Condizioni straordinarie
Scrive Om Malik che il suo entusiasmo nei confronti della tecnologia, delle reti in particolare e delle possibilità che offrono, è stato parzialmente “smontato” da alcuni avvenimenti recenti: i suoi genitori (che ancora risiedono in India) sono risultati entrambi positivi al COVID-19. Sua madre, in particolare, pare ne stia soffrendo in forma acuta. Umanamente, il problema è palese ed indiscutibile: non poter essere vicino alla propria famiglia, specialmente nei momenti di crisi, è insopportabile.

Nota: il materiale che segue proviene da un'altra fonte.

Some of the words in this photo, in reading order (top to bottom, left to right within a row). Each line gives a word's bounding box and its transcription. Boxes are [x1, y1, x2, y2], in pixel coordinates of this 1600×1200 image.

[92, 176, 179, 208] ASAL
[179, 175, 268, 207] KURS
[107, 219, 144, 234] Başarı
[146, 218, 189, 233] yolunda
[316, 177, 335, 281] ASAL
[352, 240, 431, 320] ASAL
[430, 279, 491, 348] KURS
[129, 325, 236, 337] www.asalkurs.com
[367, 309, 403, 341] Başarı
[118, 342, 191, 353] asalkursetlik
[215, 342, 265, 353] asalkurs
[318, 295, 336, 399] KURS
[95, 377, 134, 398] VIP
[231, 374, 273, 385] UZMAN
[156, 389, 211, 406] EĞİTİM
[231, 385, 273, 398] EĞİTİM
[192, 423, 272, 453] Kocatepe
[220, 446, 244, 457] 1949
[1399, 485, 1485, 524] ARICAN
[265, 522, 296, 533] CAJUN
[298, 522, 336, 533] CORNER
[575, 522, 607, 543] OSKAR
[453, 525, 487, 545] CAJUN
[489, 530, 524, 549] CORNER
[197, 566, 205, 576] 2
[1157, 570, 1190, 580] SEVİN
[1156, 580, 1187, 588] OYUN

Tuttavia, penso che questa correlazione tra la situazione che sta vivendo e “l’impotenza” della tecnologia nell’essergli di conforto sia dovuta ad un errore di prospettiva. Per sua stessa ammissione, la tecnologia gli consente di vedere i suoi genitori, in modo da potersi sincerare delle loro condizioni. Permette di ordinare cibo da mandar loro a casa, poiché sono in quarantena, utilizzando Zomato (che da quel che vedo è una specie di JustEat agli steroidi). Grazie alla tecnologia è persino possibile cercare di ottenere (pare con non molta fortuna, la situazione è davvero seria) un posto in un’ospedale privato. Ciò contro cui si sta scontrando, che gli causa angoscia, non è né provocato, né acuito dai limiti della tecnologia: l’assistenza a parenti infettati dal COVID, come abbiamo anche già visto, si è rivelata un’impresa ai limiti del possibile anche dove si risiedesse a pochi chilometri – o meno – di distanza. La situazione che abbiamo affrontato e che stiamo tutt’ora provando a gestire (con risultati altalenanti, a voler essere diplomatici) non ha precedenti significativi in era contemporanea (lasciamo perdere le pestilenze del ‘600, per favore).

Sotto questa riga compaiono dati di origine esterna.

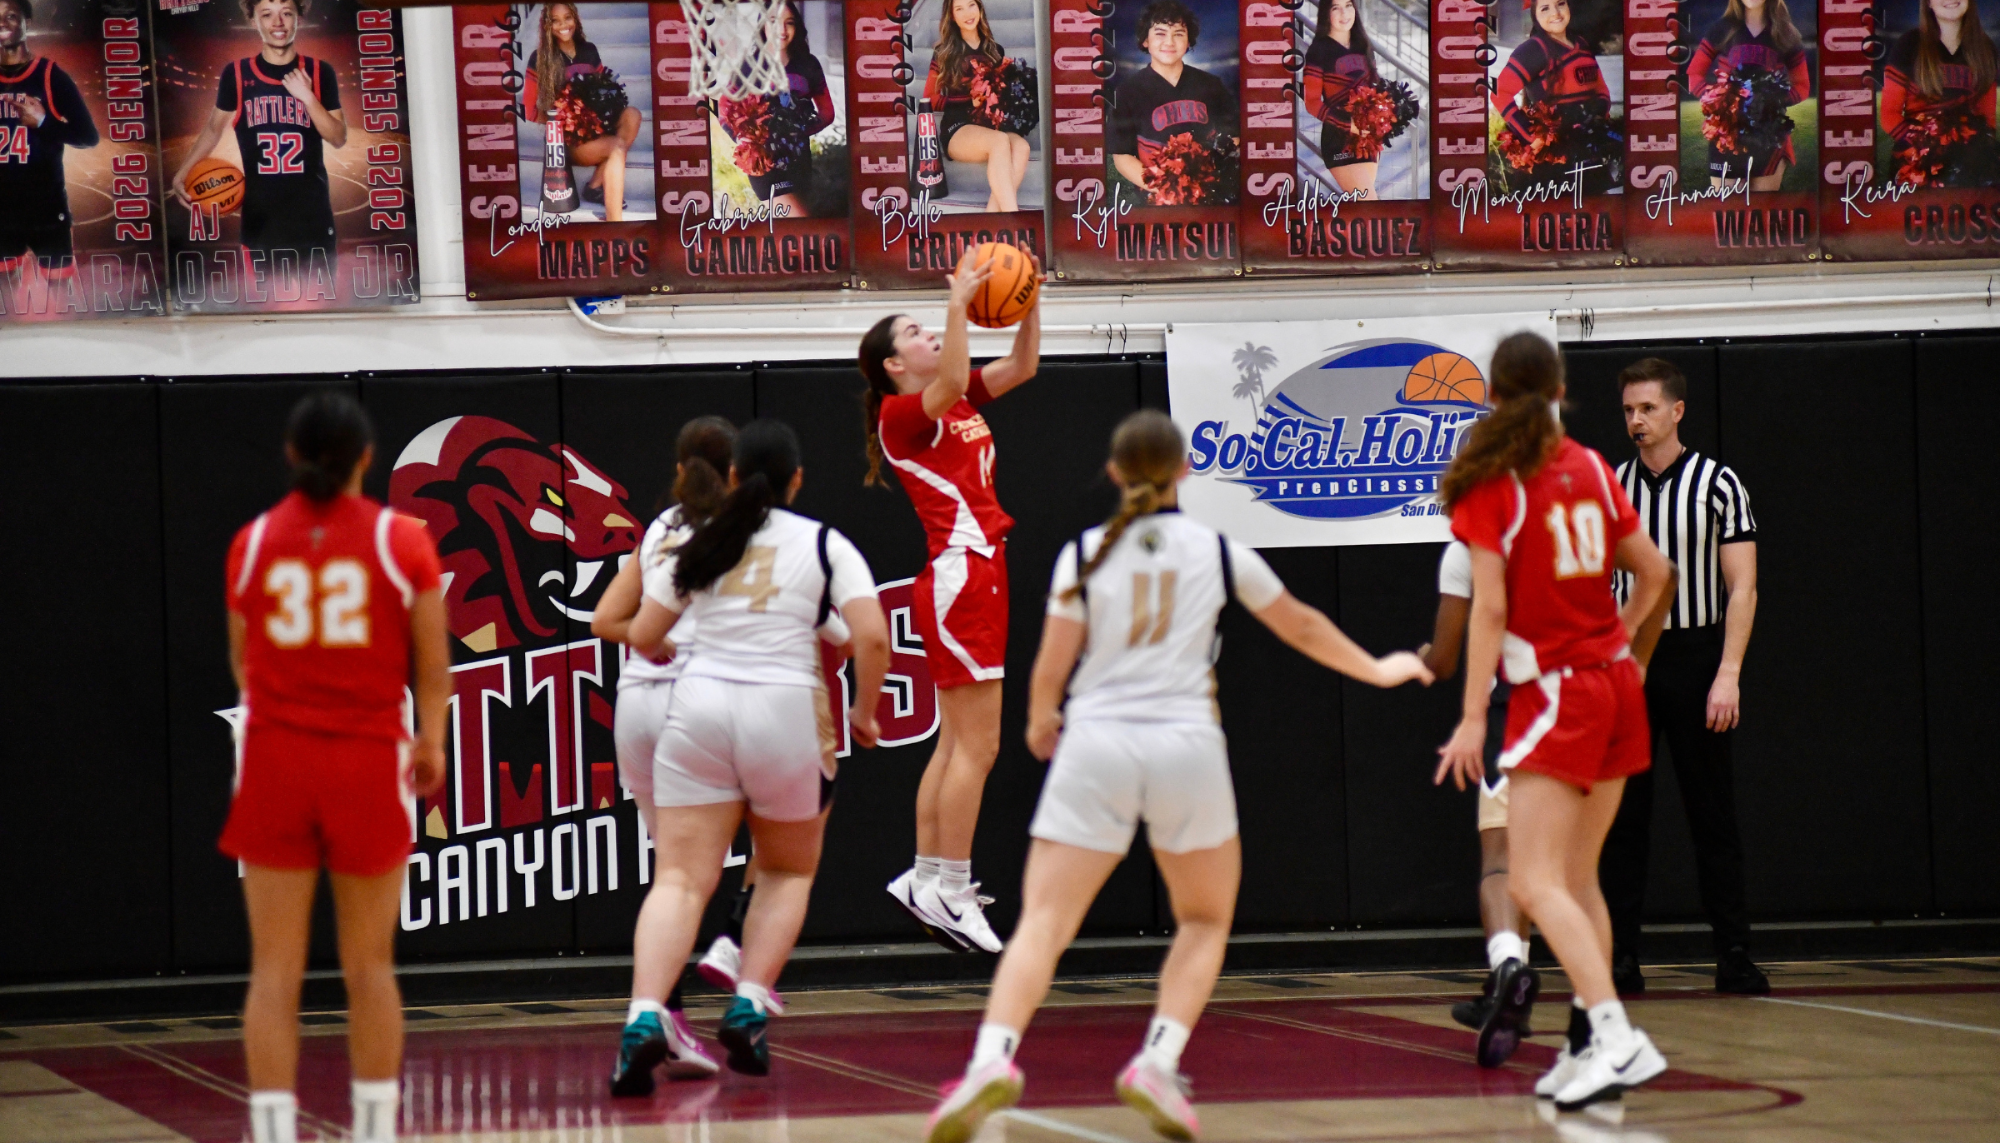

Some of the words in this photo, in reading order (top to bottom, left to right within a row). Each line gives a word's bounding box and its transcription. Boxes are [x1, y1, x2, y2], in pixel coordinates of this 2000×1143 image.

La domanda da farsi é: senza le tecnologie di cui disponiamo (e la cui diffusione, come sempre, é cruciale perché abbiano un qualche impatto1), la situazione sarebbe migliore? Più “gestibile”? Genererebbe in noi più o meno ansia? Io una risposta personale ce l’ho e credo sia piuttosto comune, ma ovviamente your mileage may vary.
P.S. Questa é un aspetto del rapporto che tanti hanno, anche a livello politico-decisionale, con la tecnologia che mi lascia sempre abbastanza perplesso: talvolta sembra che ci si accontenti di rendere una tecnologia teoricamente disponibile, senza poi verificarne l’effettiva diffusione/adozione. Rendendola, di fatto, inesistente.